Farage, figure politique connue pour ses prises de position tranchées, avait fait le voyage aux États-Unis afin d’alerter sur ce qu’il décrit comme une « crise » de la liberté d’expression au Royaume-Uni. Il a même comparé la situation dans son pays à celle de la Corée du Nord. Pour étayer ses propos, il a évoqué l’arrestation récente de Graham Linehan, scénariste irlandais de comédies télévisées populaires, ainsi que l’incarcération de Lucy Connolly après une condamnation liée à un message sur X (ex-Twitter).
L’appel à l’intervention des américains
Dans une déclaration écrite transmise au Congrès, Farage a affirmé : « La liberté d’expression est une valeur fondamentalement britannique. Sur la question des libertés civiles, la Grande-Bretagne s’est malheureusement perdue. »
Il a invité les États-Unis à se protéger de ce qu’il considère comme des ingérences de l’autorité de régulation britannique des médias, l’Ofcom. Pour lui, Washington devrait utiliser les canaux diplomatiques et commerciaux pour contrer ces restrictions.
Cette sortie a fait réagir jusque dans l’hémicycle britannique. Le Premier ministre Keir Starmer a reproché à Farage son absence à la toute première séance de questions au gouvernement de la rentrée parlementaire. Il a dénoncé son déplacement aux États-Unis pour « salir le pays » et pour « appeler les Américains à imposer des sanctions qui frapperaient les travailleurs britanniques ».

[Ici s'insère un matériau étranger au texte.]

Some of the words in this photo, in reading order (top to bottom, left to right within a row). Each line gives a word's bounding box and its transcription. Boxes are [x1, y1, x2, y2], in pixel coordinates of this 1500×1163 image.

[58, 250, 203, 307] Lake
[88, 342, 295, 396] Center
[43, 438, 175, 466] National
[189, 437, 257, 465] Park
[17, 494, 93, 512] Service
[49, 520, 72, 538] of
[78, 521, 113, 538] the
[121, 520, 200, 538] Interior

Une figure politique clivante
Élu député en 2024 à Clacton, dans l’est de l’Angleterre, Nigel Farage est aujourd’hui le visage du parti Reform UK. Mais sa carrière politique remonte bien plus loin. Ancien eurodéputé (1999-2020), il a longtemps incarné le combat pour la sortie du Royaume-Uni de l’Union européenne. Cofondateur du parti UKIP en 1993, il s’est imposé comme l’une des voix les plus influentes du camp eurosceptique.

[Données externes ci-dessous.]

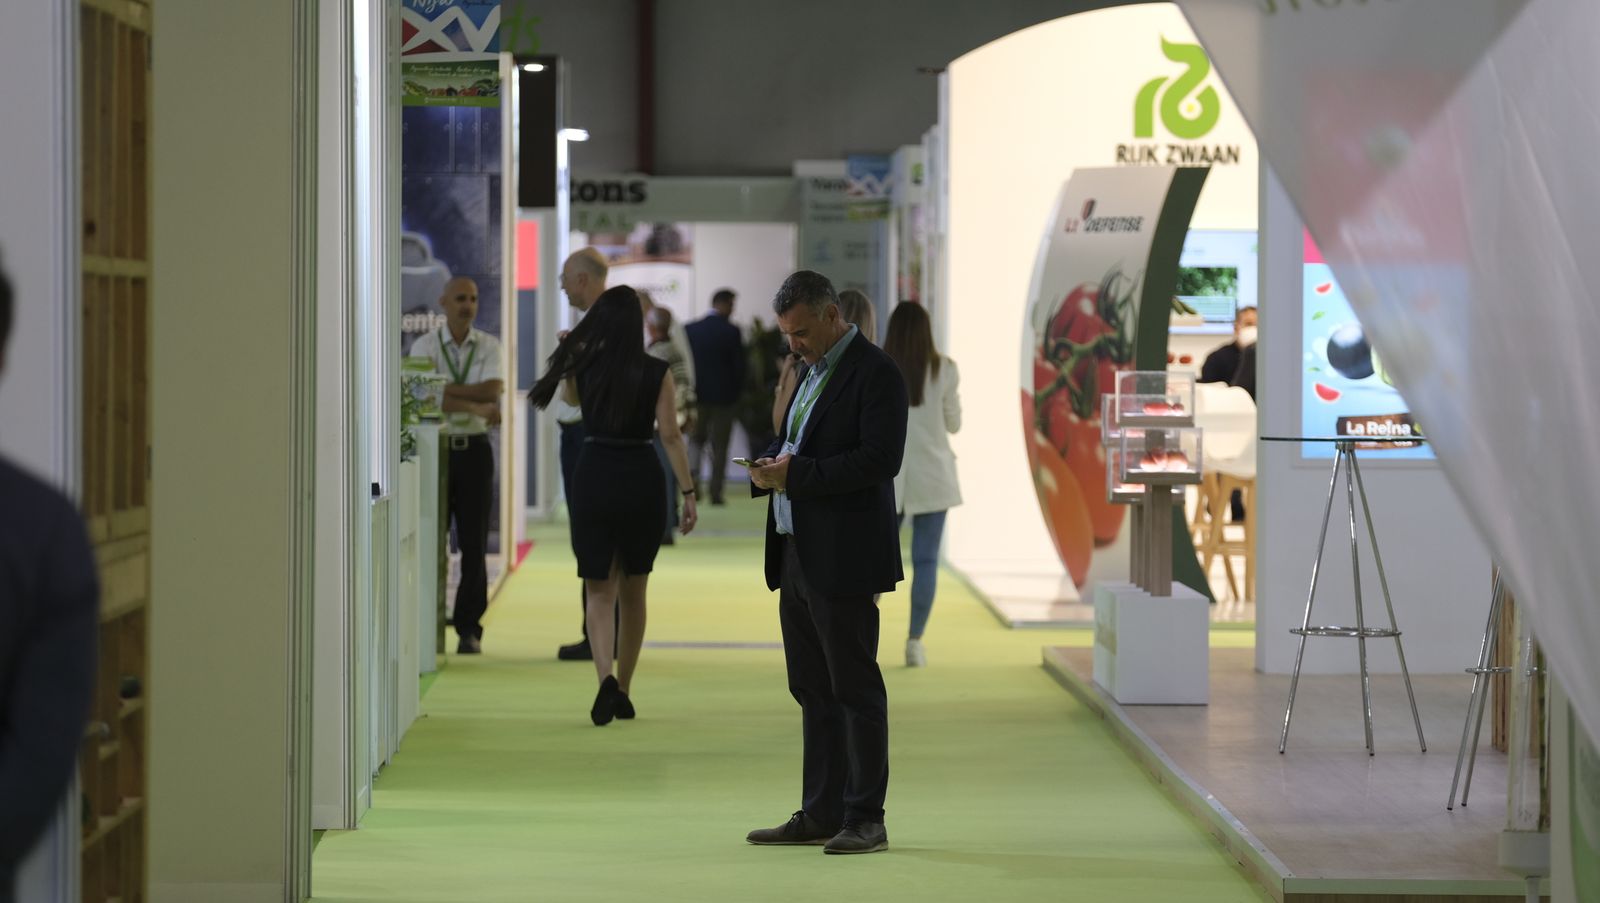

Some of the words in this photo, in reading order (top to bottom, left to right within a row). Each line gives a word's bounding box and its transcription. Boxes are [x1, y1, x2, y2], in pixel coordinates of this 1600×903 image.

[1166, 144, 1241, 165] ZWAAN
[571, 178, 648, 204] ons
[1345, 420, 1365, 436] La
[1366, 419, 1411, 436] Reina

S’il est salué par ses partisans pour son franc-parler, il est régulièrement critiqué pour ses propos jugés populistes ou polarisants.

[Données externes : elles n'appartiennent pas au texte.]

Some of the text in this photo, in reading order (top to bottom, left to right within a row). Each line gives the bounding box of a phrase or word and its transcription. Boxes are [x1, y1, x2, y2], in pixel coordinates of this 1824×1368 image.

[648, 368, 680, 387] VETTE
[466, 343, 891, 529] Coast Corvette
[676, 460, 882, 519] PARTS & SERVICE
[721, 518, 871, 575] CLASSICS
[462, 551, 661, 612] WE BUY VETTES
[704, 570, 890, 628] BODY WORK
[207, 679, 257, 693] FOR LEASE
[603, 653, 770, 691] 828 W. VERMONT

La controverse autour de l’Online Safety Act
Lors de son intervention, Farage a également dénoncé l’Online Safety Act, une loi adoptée en 2023 qui impose de nouvelles obligations aux plateformes numériques pour limiter les contenus dangereux, en particulier pour les mineurs. Certaines plateformes doivent désormais demander des informations d’identité pour accéder à certains services, ce qui inquiète les défenseurs de la vie privée.
Farage estime que cette loi pourrait avoir des répercussions au-delà du Royaume-Uni. Dans ses recommandations au Congrès, il a écrit : « Si une plateforme est accessible aux Britanniques, Ofcom entend imposer ses règles partout dans le monde. Les entreprises américaines devront choisir entre respecter le premier amendement de la Constitution américaine, qui protège la liberté d’expression, ou se plier aux règles britanniques. Les deux sont incompatibles. »
Il a rappelé que son parti avait déjà proposé un « Free Speech Act » à l’échelle britannique, inspiré du modèle américain, afin de garantir aux citoyens des droits similaires à ceux prévus par le premier amendement.
Un défenseur controversé
Pour ses détracteurs, cette posture est hypocrite. Jamie Raskin a déclaré à la BBC : « Farage aime se présenter comme un martyr de la liberté d’expression, mais en réalité, il défend uniquement la parole des racistes et des homophobes. »
Farage a répliqué en assurant être « ouvert à tout journaliste, quels que soient ses points de vue », contestant les accusations selon lesquelles certains reporters auraient été exclus de ses événements.